--- DATA TO USE ---

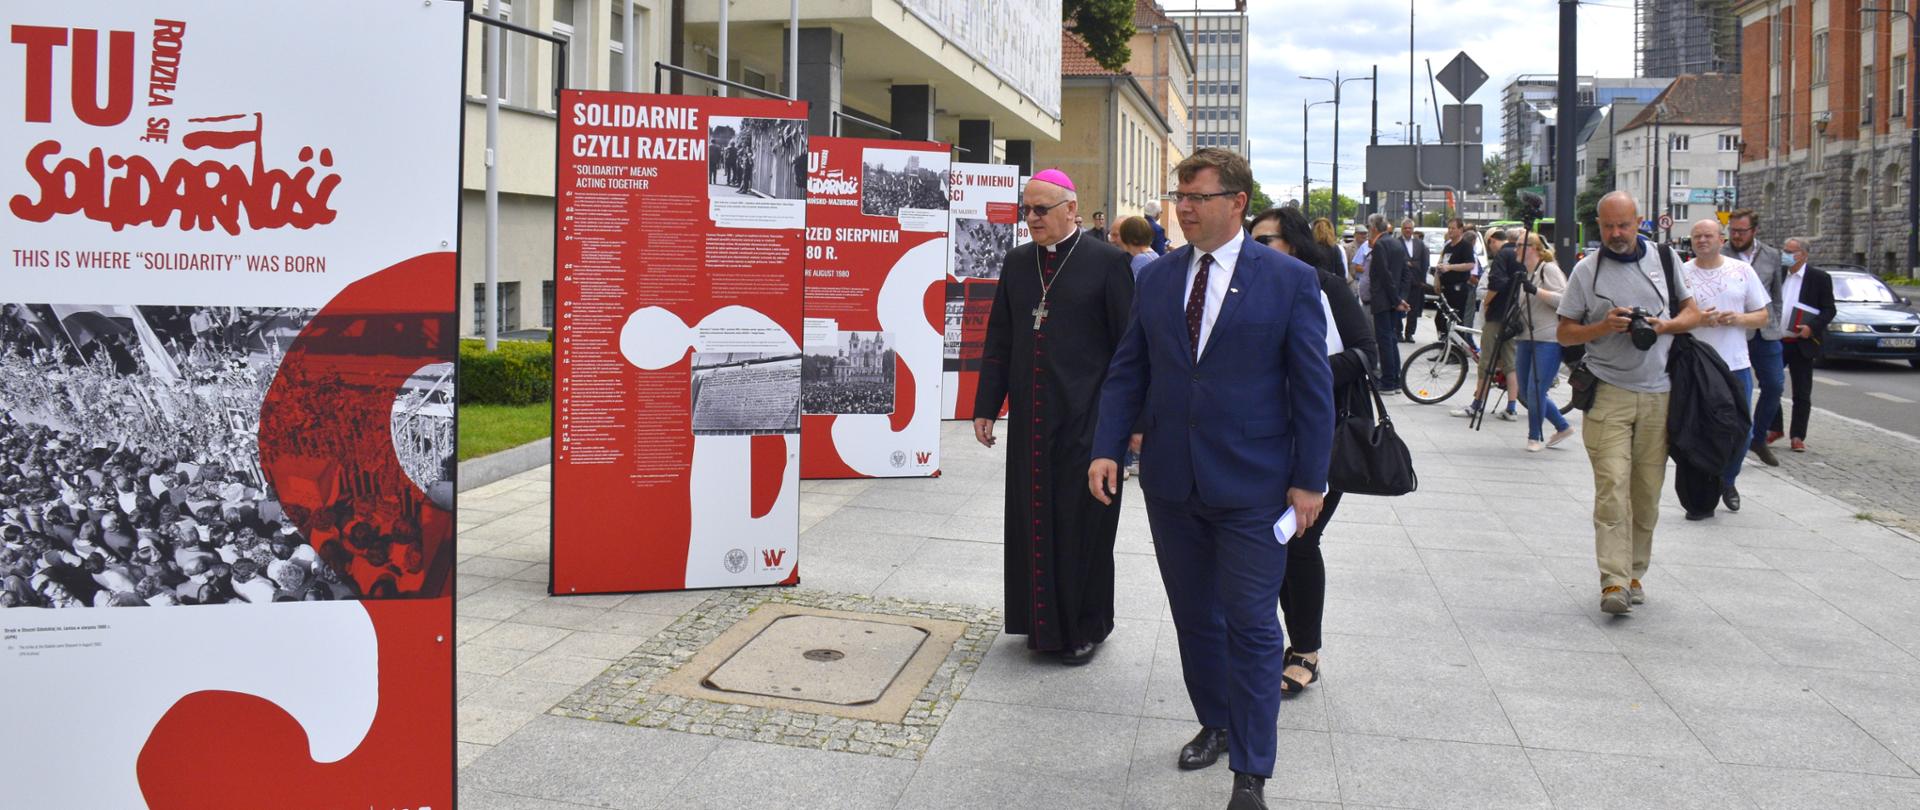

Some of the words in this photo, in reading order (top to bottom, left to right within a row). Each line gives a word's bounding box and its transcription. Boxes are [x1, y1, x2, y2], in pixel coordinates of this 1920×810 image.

[11, 24, 135, 127] TU
[573, 103, 699, 130] SOLIDARNIE
[140, 117, 170, 144] SIĘ
[572, 134, 629, 158] CZYLI
[637, 137, 706, 161] RAZEM
[629, 166, 658, 177] MEANS
[966, 174, 974, 186] W
[977, 175, 1014, 188] IMIENIU
[576, 177, 606, 189] ACTING
[608, 178, 649, 190] TOGETHER
[836, 228, 899, 243] SIERPNIEM
[13, 249, 49, 268] THIS
[55, 250, 70, 268] IS
[75, 251, 130, 270] WHERE
[246, 254, 280, 272] WAS
[285, 255, 326, 273] BORN
[826, 246, 838, 260] R.
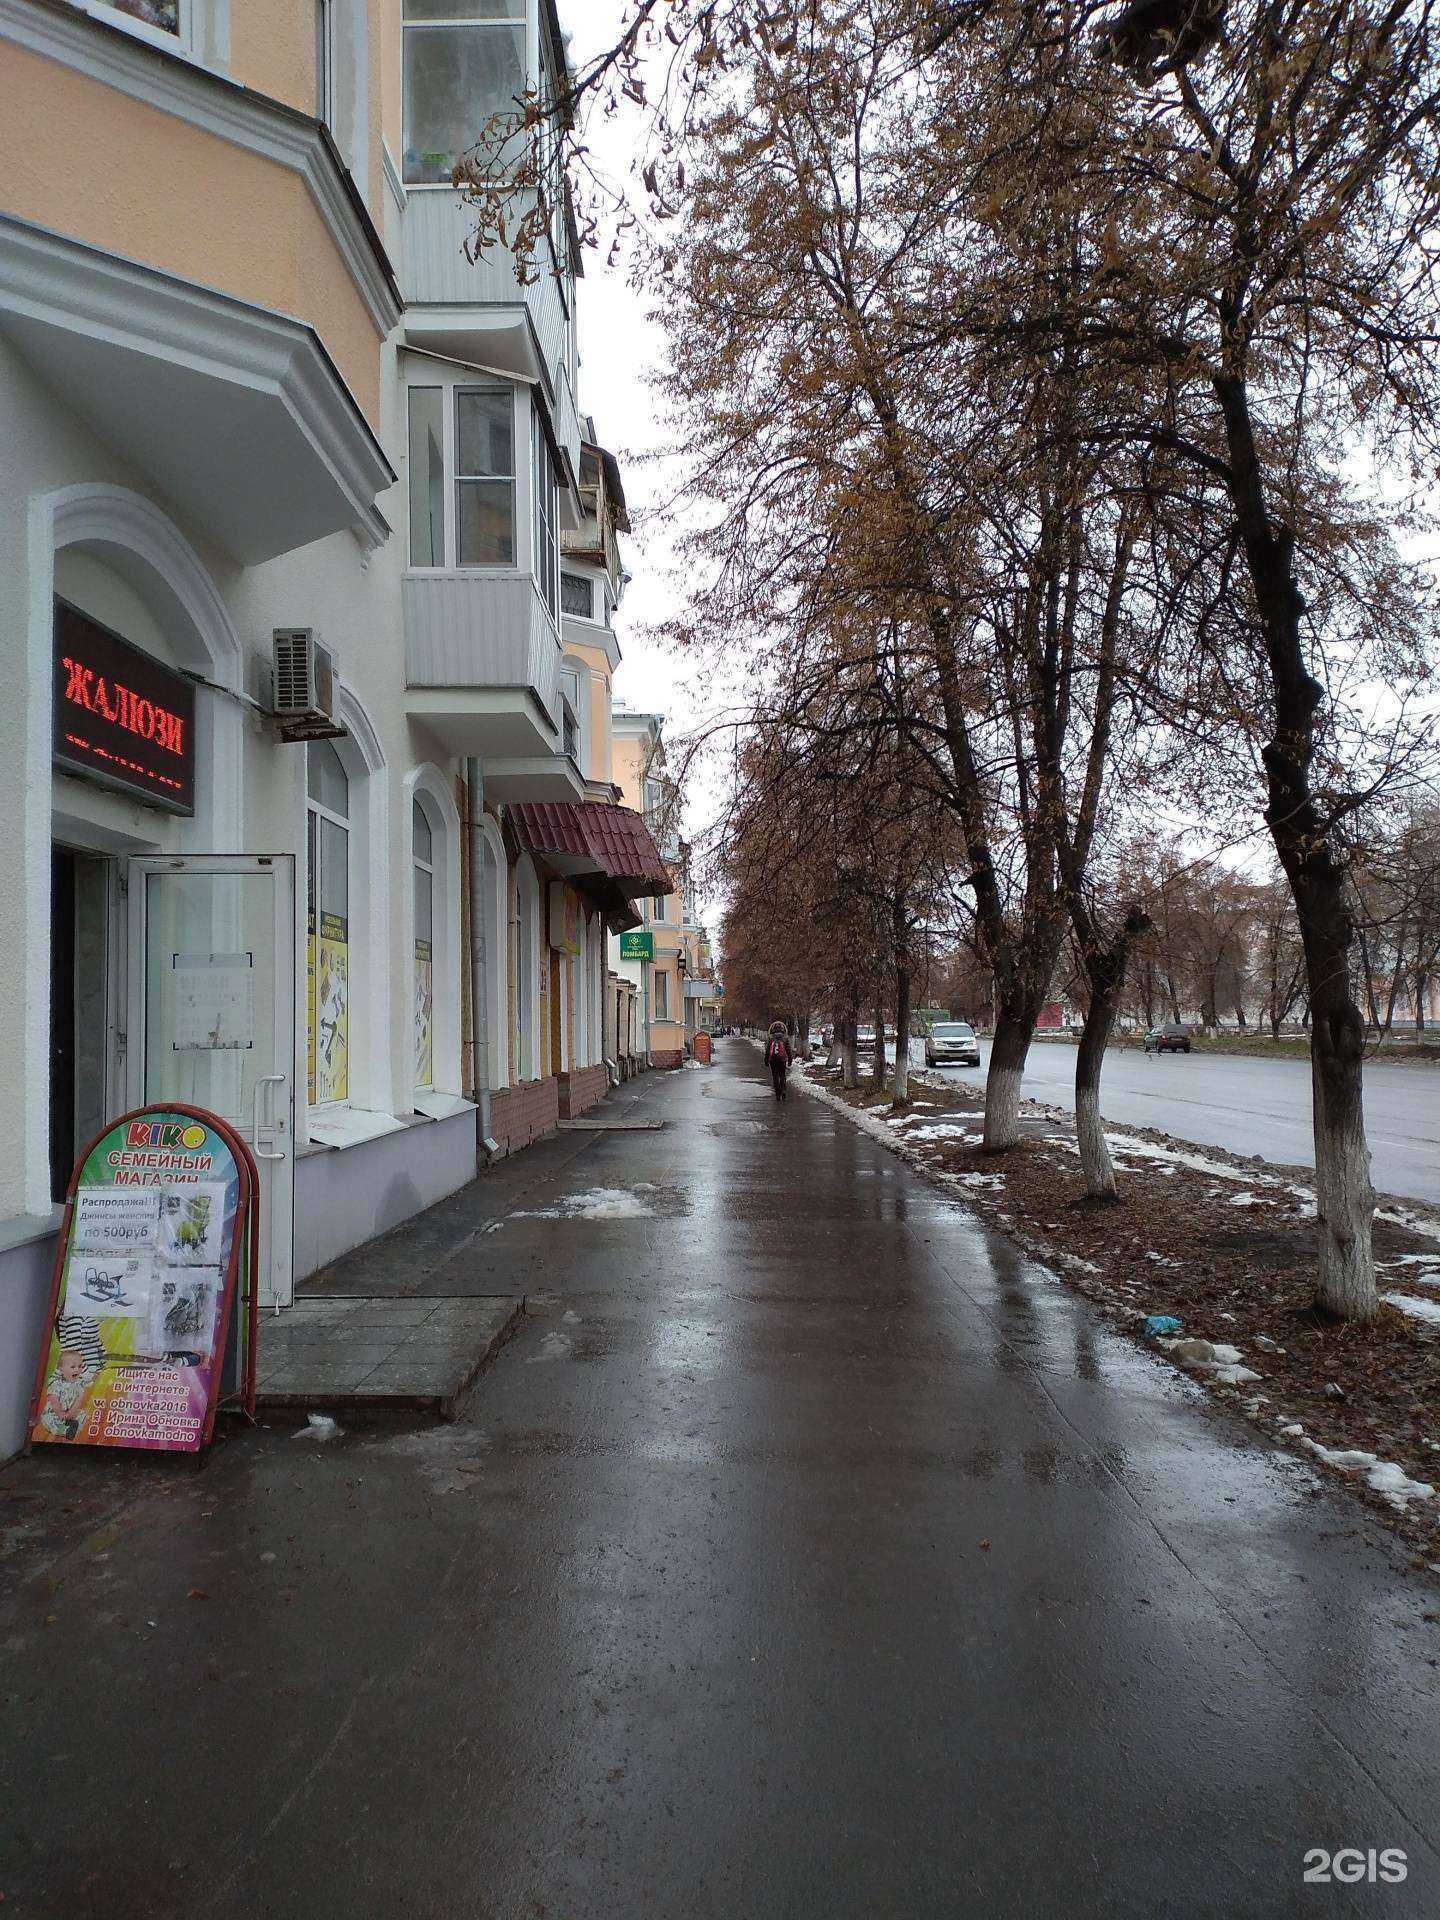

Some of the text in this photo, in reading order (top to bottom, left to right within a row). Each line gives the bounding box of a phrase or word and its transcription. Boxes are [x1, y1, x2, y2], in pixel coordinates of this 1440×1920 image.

[62, 656, 184, 755] ЖАЛЮЗИ
[126, 1121, 206, 1150] KIKO
[108, 1150, 213, 1171] СЕМЕЙНЫЙ
[85, 1225, 149, 1239] по 500руб
[117, 1368, 179, 1381] Ищите нас
[114, 1383, 189, 1396] в интернете:
[110, 1398, 188, 1412] obnovka2016
[107, 1411, 200, 1427] Ирина Обновка
[105, 1425, 195, 1442] obnovkamodno
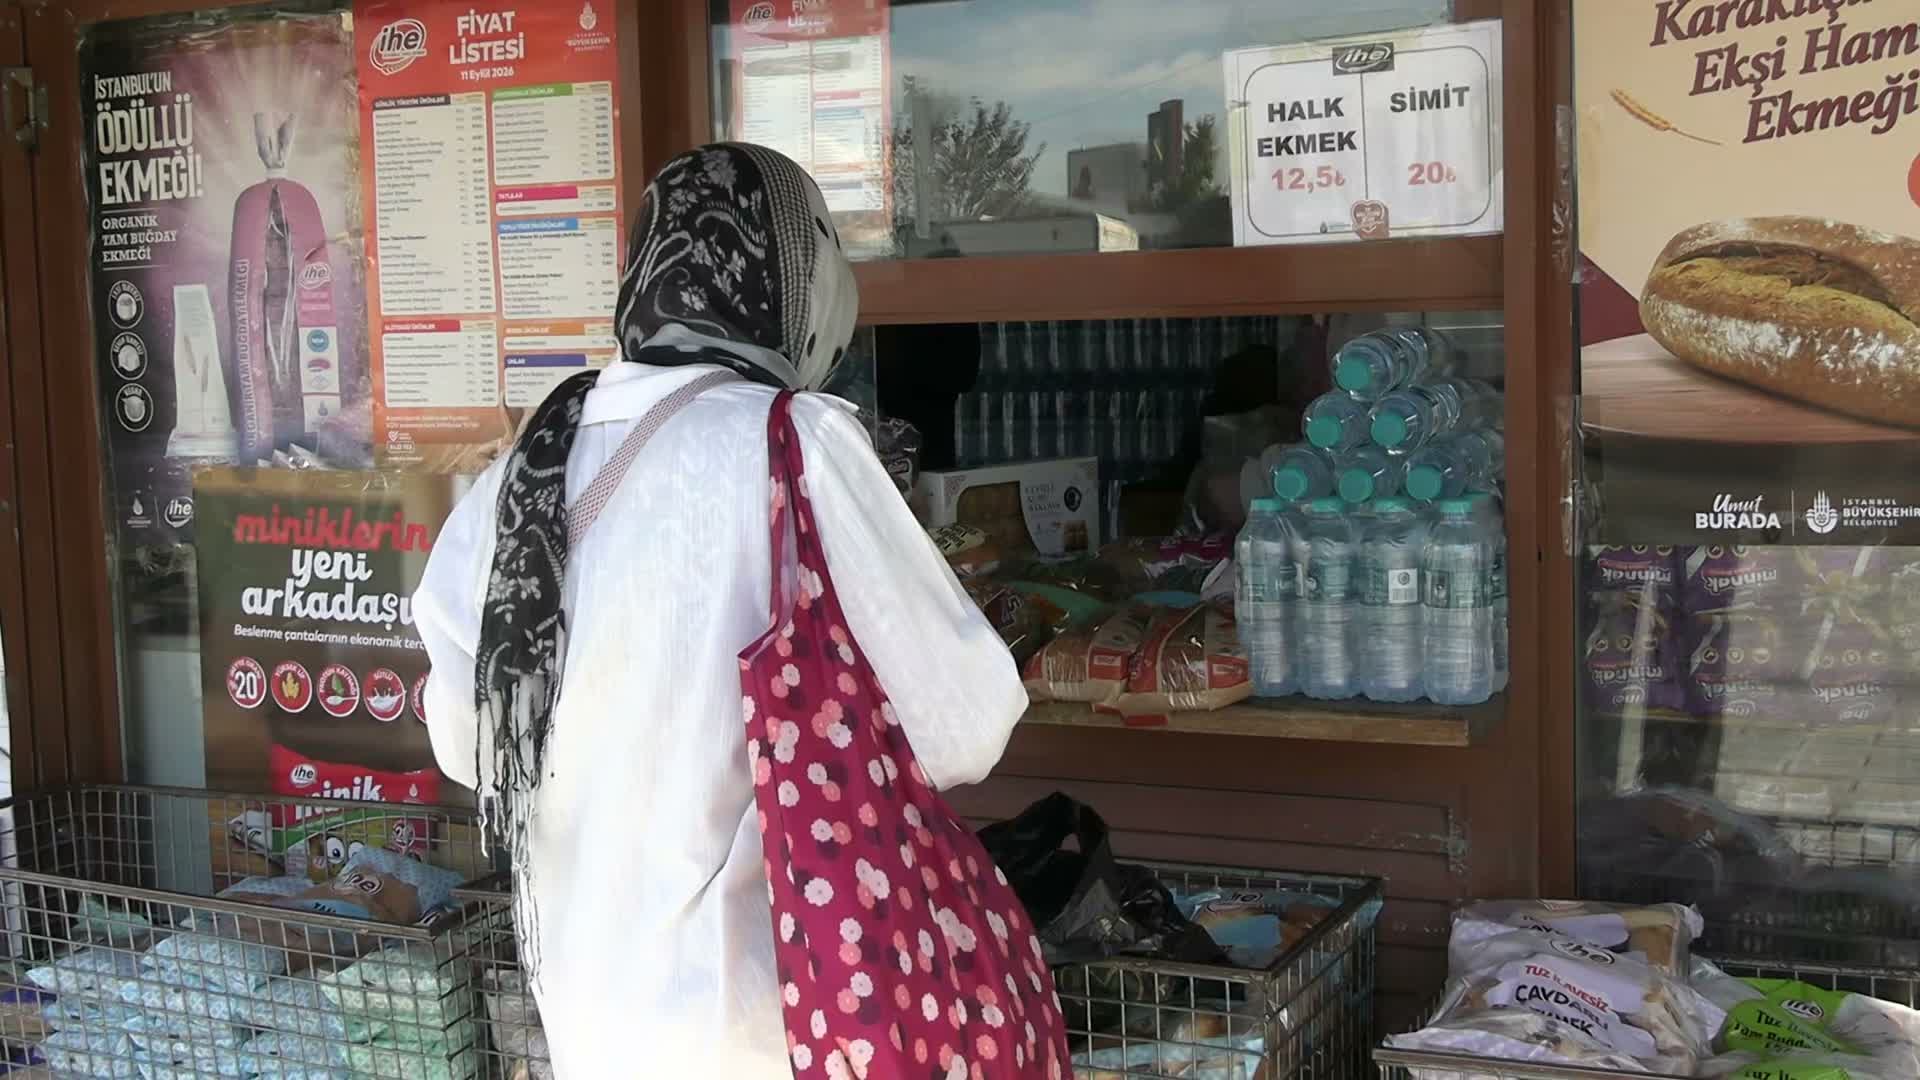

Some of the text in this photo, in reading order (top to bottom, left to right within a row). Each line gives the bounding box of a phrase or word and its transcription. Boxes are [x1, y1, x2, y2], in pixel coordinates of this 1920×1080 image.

---

Could you write out every line above exactly as it stands, with no images?

Some of the words in this photo, in reading order (top to bottom, left to right within a row). Each line gives a word's bounding box and its transcription. Boxes are [x1, y1, x2, y2], in pixel coordinates of this 1920×810 image.

[11, 24, 135, 127] TU
[573, 103, 699, 130] SOLIDARNIE
[140, 117, 170, 144] SIĘ
[572, 134, 629, 158] CZYLI
[637, 137, 706, 161] RAZEM
[629, 166, 658, 177] MEANS
[966, 174, 974, 186] W
[977, 175, 1014, 188] IMIENIU
[576, 177, 606, 189] ACTING
[608, 178, 649, 190] TOGETHER
[836, 228, 899, 243] SIERPNIEM
[13, 249, 49, 268] THIS
[55, 250, 70, 268] IS
[75, 251, 130, 270] WHERE
[246, 254, 280, 272] WAS
[285, 255, 326, 273] BORN
[826, 246, 838, 260] R.

Some of the text in this photo, in reading order (top to bottom, left to right within a row). Each line gives the bounding box of a phrase or word and its transcription. Boxes are [x1, y1, x2, y2], in pixel coordinates of this 1440×1920 image.

[62, 656, 184, 755] ЖАЛЮЗИ
[126, 1121, 206, 1150] KIKO
[108, 1150, 213, 1171] СЕМЕЙНЫЙ
[85, 1225, 149, 1239] по 500руб
[117, 1368, 179, 1381] Ищите нас
[114, 1383, 189, 1396] в интернете:
[110, 1398, 188, 1412] obnovka2016
[107, 1411, 200, 1427] Ирина Обновка
[105, 1425, 195, 1442] obnovkamodno

Some of the text in this photo, in reading order (top to bottom, left to right within a row). Each line gives the bounding box of a phrase or word and its transcription. Boxes are [x1, y1, x2, y2], in pixel coordinates of this 1920×1080 image.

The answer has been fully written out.